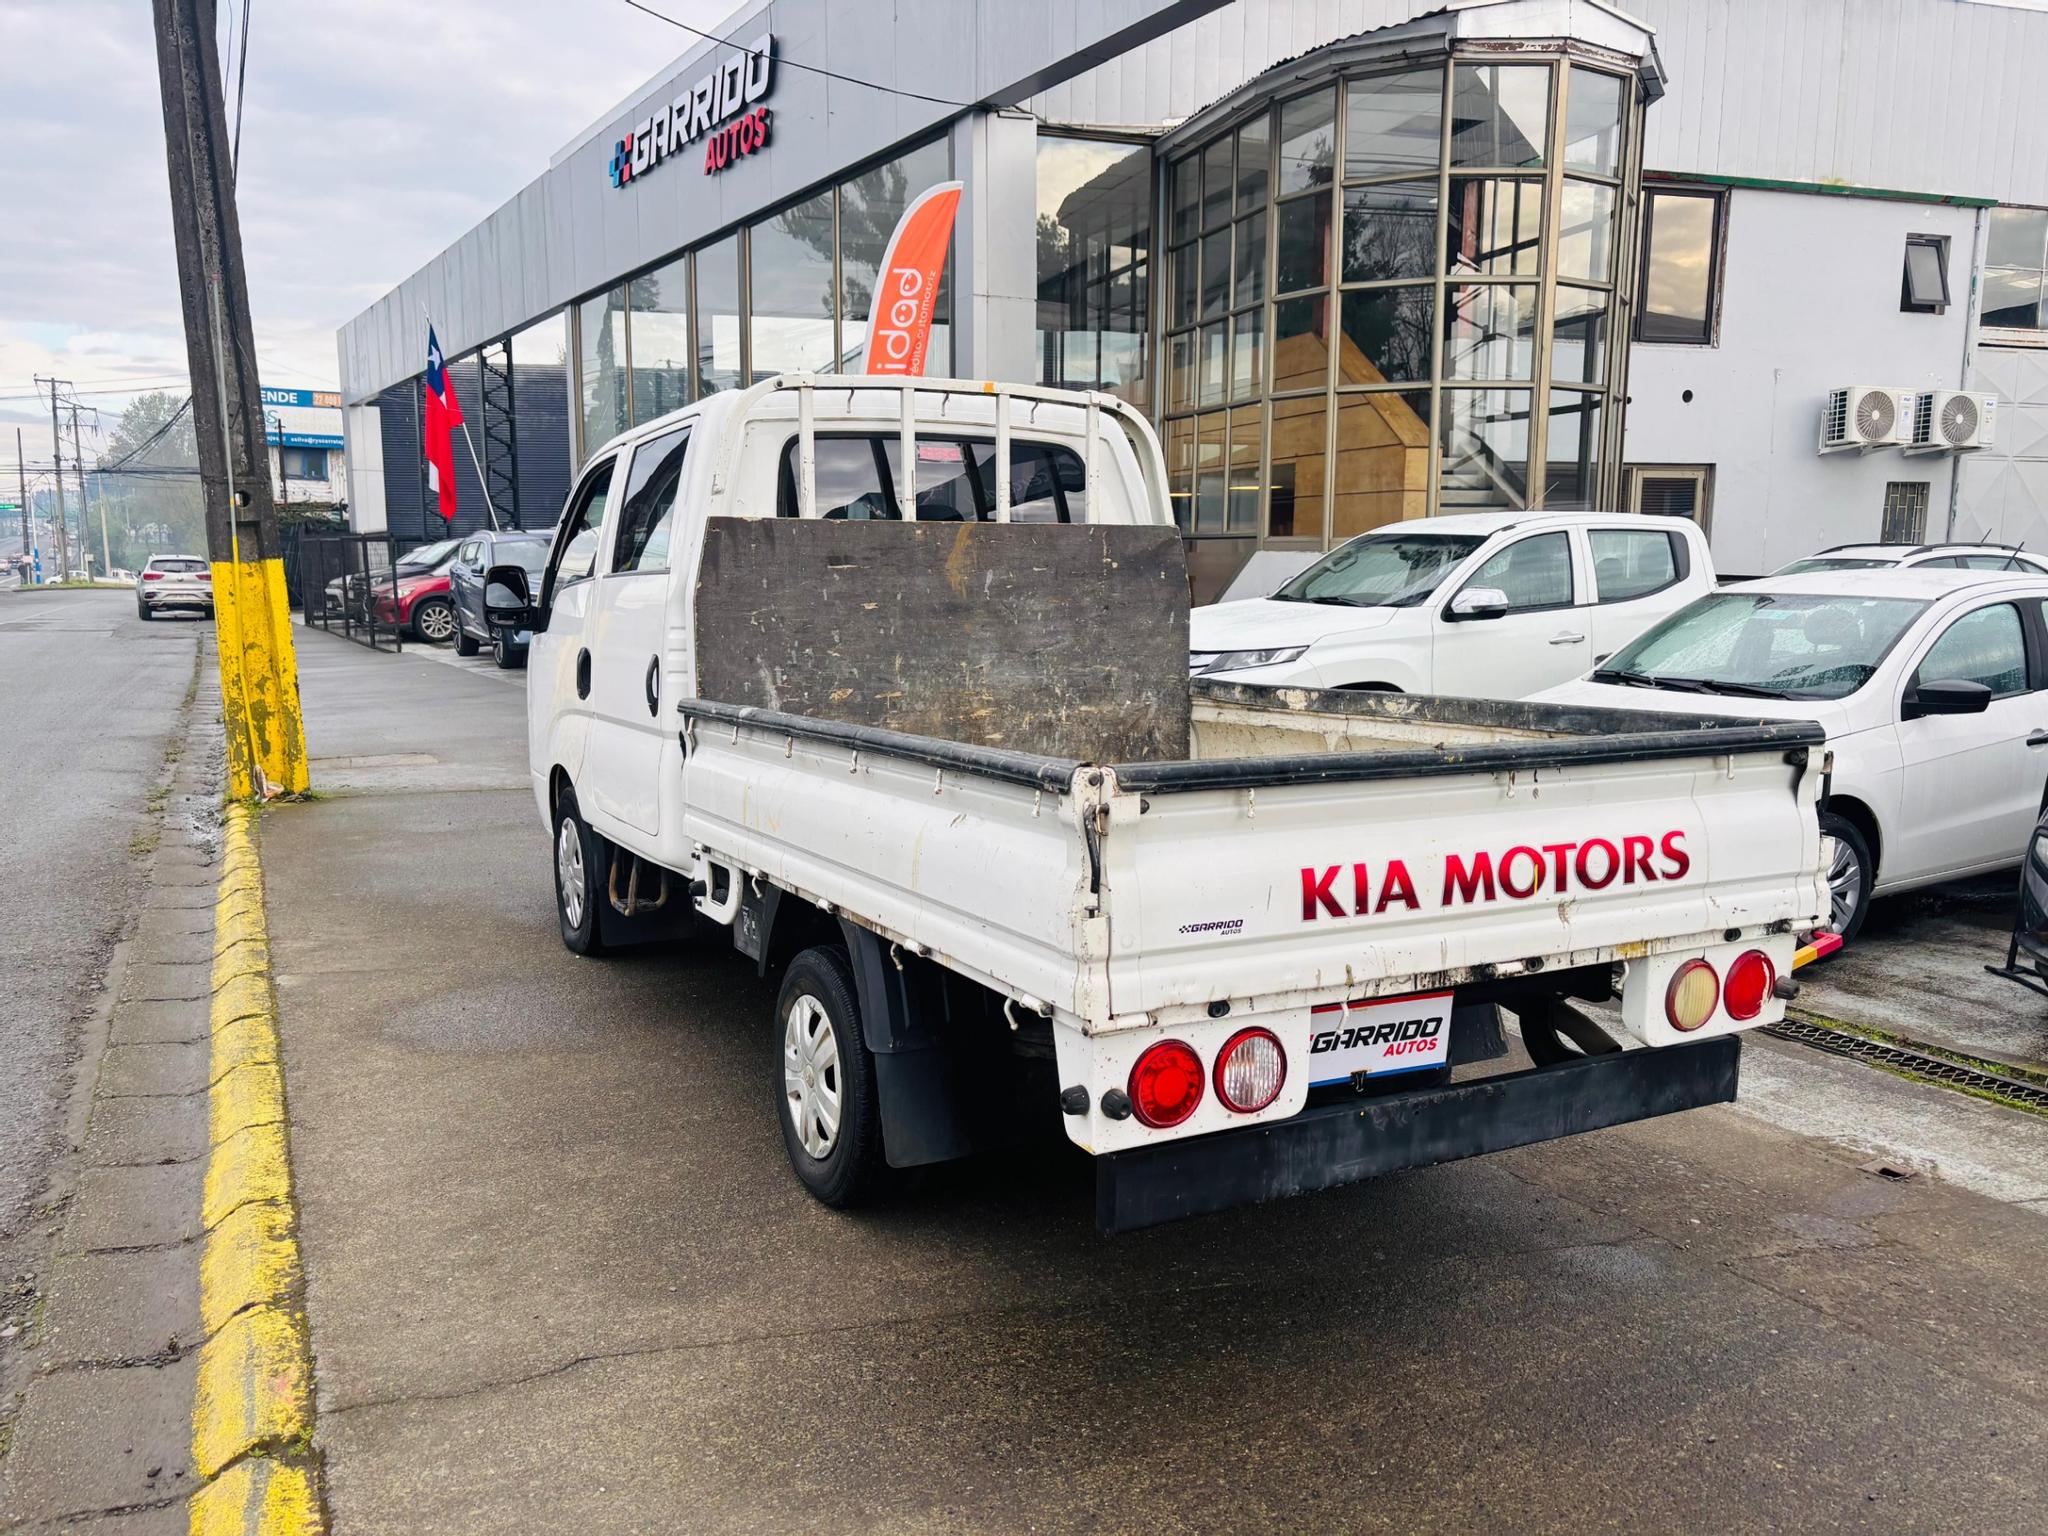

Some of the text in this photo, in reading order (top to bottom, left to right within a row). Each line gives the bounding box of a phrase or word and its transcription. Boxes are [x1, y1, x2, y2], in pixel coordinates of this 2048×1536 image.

[631, 32, 773, 177] GARRIDO
[703, 106, 768, 176] AUTOS
[876, 267, 923, 369] idad
[916, 269, 937, 338] automotriz
[1300, 830, 1691, 922] KIA MOTORS
[1191, 919, 1244, 933] GARRIDO
[1220, 928, 1242, 936] AUTOS
[1310, 1016, 1444, 1055] GARRIDO
[1383, 1037, 1438, 1058] AUTOS
————
Assignment –
Every entry, exactly as written: transcribe it, passing over any pictures.

Response below –
Some of the text in this photo, in reading order (top to bottom, left to right within a row). Each line gives the bounding box of a phrase or word and its transcription. Boxes are [x1, y1, x2, y2], in pixel coordinates of this 2048×1536 image.

[631, 32, 773, 177] GARRIDO
[703, 106, 768, 176] AUTOS
[876, 267, 923, 369] idad
[916, 269, 937, 338] automotriz
[1300, 830, 1691, 922] KIA MOTORS
[1191, 919, 1244, 933] GARRIDO
[1220, 928, 1242, 936] AUTOS
[1310, 1016, 1444, 1055] GARRIDO
[1383, 1037, 1438, 1058] AUTOS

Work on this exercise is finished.